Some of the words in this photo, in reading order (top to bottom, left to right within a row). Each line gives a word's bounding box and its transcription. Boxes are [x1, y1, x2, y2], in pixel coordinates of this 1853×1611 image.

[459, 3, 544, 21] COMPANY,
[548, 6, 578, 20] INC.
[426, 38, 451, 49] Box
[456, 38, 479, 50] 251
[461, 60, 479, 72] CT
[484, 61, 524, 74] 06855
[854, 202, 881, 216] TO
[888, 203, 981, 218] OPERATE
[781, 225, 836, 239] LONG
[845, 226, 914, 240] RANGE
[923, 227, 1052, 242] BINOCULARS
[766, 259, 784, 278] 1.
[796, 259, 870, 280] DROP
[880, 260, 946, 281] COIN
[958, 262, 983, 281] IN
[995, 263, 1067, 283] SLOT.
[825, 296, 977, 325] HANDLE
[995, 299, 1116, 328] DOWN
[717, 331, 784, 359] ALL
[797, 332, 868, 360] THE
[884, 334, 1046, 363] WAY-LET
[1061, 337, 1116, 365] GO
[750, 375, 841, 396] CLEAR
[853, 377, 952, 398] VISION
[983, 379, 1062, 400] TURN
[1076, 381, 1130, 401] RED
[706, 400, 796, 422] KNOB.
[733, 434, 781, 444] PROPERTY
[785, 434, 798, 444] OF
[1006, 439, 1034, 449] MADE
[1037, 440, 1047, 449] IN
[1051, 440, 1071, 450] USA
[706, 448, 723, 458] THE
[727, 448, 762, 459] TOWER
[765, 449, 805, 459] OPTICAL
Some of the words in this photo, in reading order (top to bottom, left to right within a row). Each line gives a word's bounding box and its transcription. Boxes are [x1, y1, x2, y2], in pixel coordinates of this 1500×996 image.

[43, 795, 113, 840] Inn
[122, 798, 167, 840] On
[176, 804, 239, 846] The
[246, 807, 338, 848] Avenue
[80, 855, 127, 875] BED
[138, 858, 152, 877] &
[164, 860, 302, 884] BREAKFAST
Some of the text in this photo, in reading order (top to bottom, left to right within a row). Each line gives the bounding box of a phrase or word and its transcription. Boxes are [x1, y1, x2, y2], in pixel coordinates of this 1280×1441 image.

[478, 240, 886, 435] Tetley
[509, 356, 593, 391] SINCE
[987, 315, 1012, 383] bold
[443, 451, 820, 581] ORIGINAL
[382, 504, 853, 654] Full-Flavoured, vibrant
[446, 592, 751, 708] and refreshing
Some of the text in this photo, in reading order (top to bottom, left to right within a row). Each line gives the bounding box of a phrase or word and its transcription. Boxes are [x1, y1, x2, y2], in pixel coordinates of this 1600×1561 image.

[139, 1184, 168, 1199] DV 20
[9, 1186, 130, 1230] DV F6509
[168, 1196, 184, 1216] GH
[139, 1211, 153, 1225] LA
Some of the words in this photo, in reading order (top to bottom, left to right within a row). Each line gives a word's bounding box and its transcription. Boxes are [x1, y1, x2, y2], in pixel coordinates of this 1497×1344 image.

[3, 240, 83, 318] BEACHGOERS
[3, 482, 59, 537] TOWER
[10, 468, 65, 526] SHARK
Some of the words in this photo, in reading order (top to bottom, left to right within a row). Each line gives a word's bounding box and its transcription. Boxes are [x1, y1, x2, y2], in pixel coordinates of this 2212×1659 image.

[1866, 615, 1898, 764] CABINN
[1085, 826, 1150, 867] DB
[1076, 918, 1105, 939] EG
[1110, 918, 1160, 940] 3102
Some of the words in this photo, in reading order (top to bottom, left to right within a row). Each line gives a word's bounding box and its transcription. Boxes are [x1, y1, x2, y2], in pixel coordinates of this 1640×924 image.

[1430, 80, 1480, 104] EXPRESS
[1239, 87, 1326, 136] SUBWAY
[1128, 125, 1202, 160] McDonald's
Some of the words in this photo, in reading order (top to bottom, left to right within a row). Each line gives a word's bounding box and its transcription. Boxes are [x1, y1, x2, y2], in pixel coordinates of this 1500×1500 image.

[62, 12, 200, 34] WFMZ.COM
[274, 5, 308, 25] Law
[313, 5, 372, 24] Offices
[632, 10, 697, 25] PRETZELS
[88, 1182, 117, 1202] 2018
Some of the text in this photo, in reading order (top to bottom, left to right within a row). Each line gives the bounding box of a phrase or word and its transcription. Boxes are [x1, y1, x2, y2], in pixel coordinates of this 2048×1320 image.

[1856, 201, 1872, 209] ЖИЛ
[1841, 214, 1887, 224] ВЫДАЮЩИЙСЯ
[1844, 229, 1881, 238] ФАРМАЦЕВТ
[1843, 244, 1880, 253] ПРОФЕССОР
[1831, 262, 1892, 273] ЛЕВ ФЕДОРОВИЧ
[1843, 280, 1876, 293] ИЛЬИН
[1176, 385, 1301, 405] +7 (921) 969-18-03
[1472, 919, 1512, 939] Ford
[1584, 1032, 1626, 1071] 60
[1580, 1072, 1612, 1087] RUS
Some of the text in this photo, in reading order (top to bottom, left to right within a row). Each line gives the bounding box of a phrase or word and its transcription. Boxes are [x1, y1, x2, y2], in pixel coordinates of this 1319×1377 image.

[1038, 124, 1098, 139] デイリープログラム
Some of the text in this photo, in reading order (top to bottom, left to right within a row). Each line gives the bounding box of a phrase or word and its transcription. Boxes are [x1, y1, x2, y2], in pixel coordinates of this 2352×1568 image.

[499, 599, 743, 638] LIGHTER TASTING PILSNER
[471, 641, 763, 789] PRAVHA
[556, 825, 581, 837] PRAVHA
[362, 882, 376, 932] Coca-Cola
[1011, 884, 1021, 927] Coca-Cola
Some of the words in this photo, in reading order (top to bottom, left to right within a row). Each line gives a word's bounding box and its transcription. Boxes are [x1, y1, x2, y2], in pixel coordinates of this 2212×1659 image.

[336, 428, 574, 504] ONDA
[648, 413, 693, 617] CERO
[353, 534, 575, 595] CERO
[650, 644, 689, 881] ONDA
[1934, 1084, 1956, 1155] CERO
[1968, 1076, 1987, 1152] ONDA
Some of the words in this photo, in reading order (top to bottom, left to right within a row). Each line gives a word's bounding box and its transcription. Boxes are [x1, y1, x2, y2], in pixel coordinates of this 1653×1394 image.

**Your goal**
Return the full listing, word for word.

**Output of the task**
Some of the words in this photo, in reading order (top to bottom, left to right within a row). Each line gives a word's bounding box and its transcription. Boxes are [x1, y1, x2, y2], in pixel coordinates of this 1853×1611 image.

[459, 3, 544, 21] COMPANY,
[548, 6, 578, 20] INC.
[426, 38, 451, 49] Box
[456, 38, 479, 50] 251
[461, 60, 479, 72] CT
[484, 61, 524, 74] 06855
[854, 202, 881, 216] TO
[888, 203, 981, 218] OPERATE
[781, 225, 836, 239] LONG
[845, 226, 914, 240] RANGE
[923, 227, 1052, 242] BINOCULARS
[766, 259, 784, 278] 1.
[796, 259, 870, 280] DROP
[880, 260, 946, 281] COIN
[958, 262, 983, 281] IN
[995, 263, 1067, 283] SLOT.
[825, 296, 977, 325] HANDLE
[995, 299, 1116, 328] DOWN
[717, 331, 784, 359] ALL
[797, 332, 868, 360] THE
[884, 334, 1046, 363] WAY-LET
[1061, 337, 1116, 365] GO
[750, 375, 841, 396] CLEAR
[853, 377, 952, 398] VISION
[983, 379, 1062, 400] TURN
[1076, 381, 1130, 401] RED
[706, 400, 796, 422] KNOB.
[733, 434, 781, 444] PROPERTY
[785, 434, 798, 444] OF
[1006, 439, 1034, 449] MADE
[1037, 440, 1047, 449] IN
[1051, 440, 1071, 450] USA
[706, 448, 723, 458] THE
[727, 448, 762, 459] TOWER
[765, 449, 805, 459] OPTICAL
Some of the words in this photo, in reading order (top to bottom, left to right within a row). Each line gives a word's bounding box and its transcription. Boxes are [x1, y1, x2, y2], in pixel coordinates of this 1500×996 image.

[43, 795, 113, 840] Inn
[122, 798, 167, 840] On
[176, 804, 239, 846] The
[246, 807, 338, 848] Avenue
[80, 855, 127, 875] BED
[138, 858, 152, 877] &
[164, 860, 302, 884] BREAKFAST
Some of the text in this photo, in reading order (top to bottom, left to right within a row). Each line gives the bounding box of a phrase or word and its transcription. Boxes are [x1, y1, x2, y2], in pixel coordinates of this 1280×1441 image.

[478, 240, 886, 435] Tetley
[509, 356, 593, 391] SINCE
[987, 315, 1012, 383] bold
[443, 451, 820, 581] ORIGINAL
[382, 504, 853, 654] Full-Flavoured, vibrant
[446, 592, 751, 708] and refreshing
Some of the text in this photo, in reading order (top to bottom, left to right within a row). Each line gives the bounding box of a phrase or word and its transcription. Boxes are [x1, y1, x2, y2], in pixel coordinates of this 1600×1561 image.

[139, 1184, 168, 1199] DV 20
[9, 1186, 130, 1230] DV F6509
[168, 1196, 184, 1216] GH
[139, 1211, 153, 1225] LA
Some of the words in this photo, in reading order (top to bottom, left to right within a row). Each line gives a word's bounding box and its transcription. Boxes are [x1, y1, x2, y2], in pixel coordinates of this 1497×1344 image.

[3, 240, 83, 318] BEACHGOERS
[3, 482, 59, 537] TOWER
[10, 468, 65, 526] SHARK
Some of the words in this photo, in reading order (top to bottom, left to right within a row). Each line gives a word's bounding box and its transcription. Boxes are [x1, y1, x2, y2], in pixel coordinates of this 2212×1659 image.

[1866, 615, 1898, 764] CABINN
[1085, 826, 1150, 867] DB
[1076, 918, 1105, 939] EG
[1110, 918, 1160, 940] 3102
Some of the words in this photo, in reading order (top to bottom, left to right within a row). Each line gives a word's bounding box and its transcription. Boxes are [x1, y1, x2, y2], in pixel coordinates of this 1640×924 image.

[1430, 80, 1480, 104] EXPRESS
[1239, 87, 1326, 136] SUBWAY
[1128, 125, 1202, 160] McDonald's
Some of the words in this photo, in reading order (top to bottom, left to right within a row). Each line gives a word's bounding box and its transcription. Boxes are [x1, y1, x2, y2], in pixel coordinates of this 1500×1500 image.

[62, 12, 200, 34] WFMZ.COM
[274, 5, 308, 25] Law
[313, 5, 372, 24] Offices
[632, 10, 697, 25] PRETZELS
[88, 1182, 117, 1202] 2018
Some of the text in this photo, in reading order (top to bottom, left to right within a row). Each line gives the bounding box of a phrase or word and its transcription. Boxes are [x1, y1, x2, y2], in pixel coordinates of this 2048×1320 image.

[1856, 201, 1872, 209] ЖИЛ
[1841, 214, 1887, 224] ВЫДАЮЩИЙСЯ
[1844, 229, 1881, 238] ФАРМАЦЕВТ
[1843, 244, 1880, 253] ПРОФЕССОР
[1831, 262, 1892, 273] ЛЕВ ФЕДОРОВИЧ
[1843, 280, 1876, 293] ИЛЬИН
[1176, 385, 1301, 405] +7 (921) 969-18-03
[1472, 919, 1512, 939] Ford
[1584, 1032, 1626, 1071] 60
[1580, 1072, 1612, 1087] RUS
Some of the text in this photo, in reading order (top to bottom, left to right within a row). Each line gives the bounding box of a phrase or word and its transcription. Boxes are [x1, y1, x2, y2], in pixel coordinates of this 1319×1377 image.

[1038, 124, 1098, 139] デイリープログラム
Some of the text in this photo, in reading order (top to bottom, left to right within a row). Each line gives the bounding box of a phrase or word and its transcription. Boxes are [x1, y1, x2, y2], in pixel coordinates of this 2352×1568 image.

[499, 599, 743, 638] LIGHTER TASTING PILSNER
[471, 641, 763, 789] PRAVHA
[556, 825, 581, 837] PRAVHA
[362, 882, 376, 932] Coca-Cola
[1011, 884, 1021, 927] Coca-Cola
Some of the words in this photo, in reading order (top to bottom, left to right within a row). Each line gives a word's bounding box and its transcription. Boxes are [x1, y1, x2, y2], in pixel coordinates of this 2212×1659 image.

[336, 428, 574, 504] ONDA
[648, 413, 693, 617] CERO
[353, 534, 575, 595] CERO
[650, 644, 689, 881] ONDA
[1934, 1084, 1956, 1155] CERO
[1968, 1076, 1987, 1152] ONDA
Some of the words in this photo, in reading order (top to bottom, left to right within a row). Each line gives a word's bounding box and its transcription. Boxes are [x1, y1, x2, y2], in pixel coordinates of this 1653×1394 image.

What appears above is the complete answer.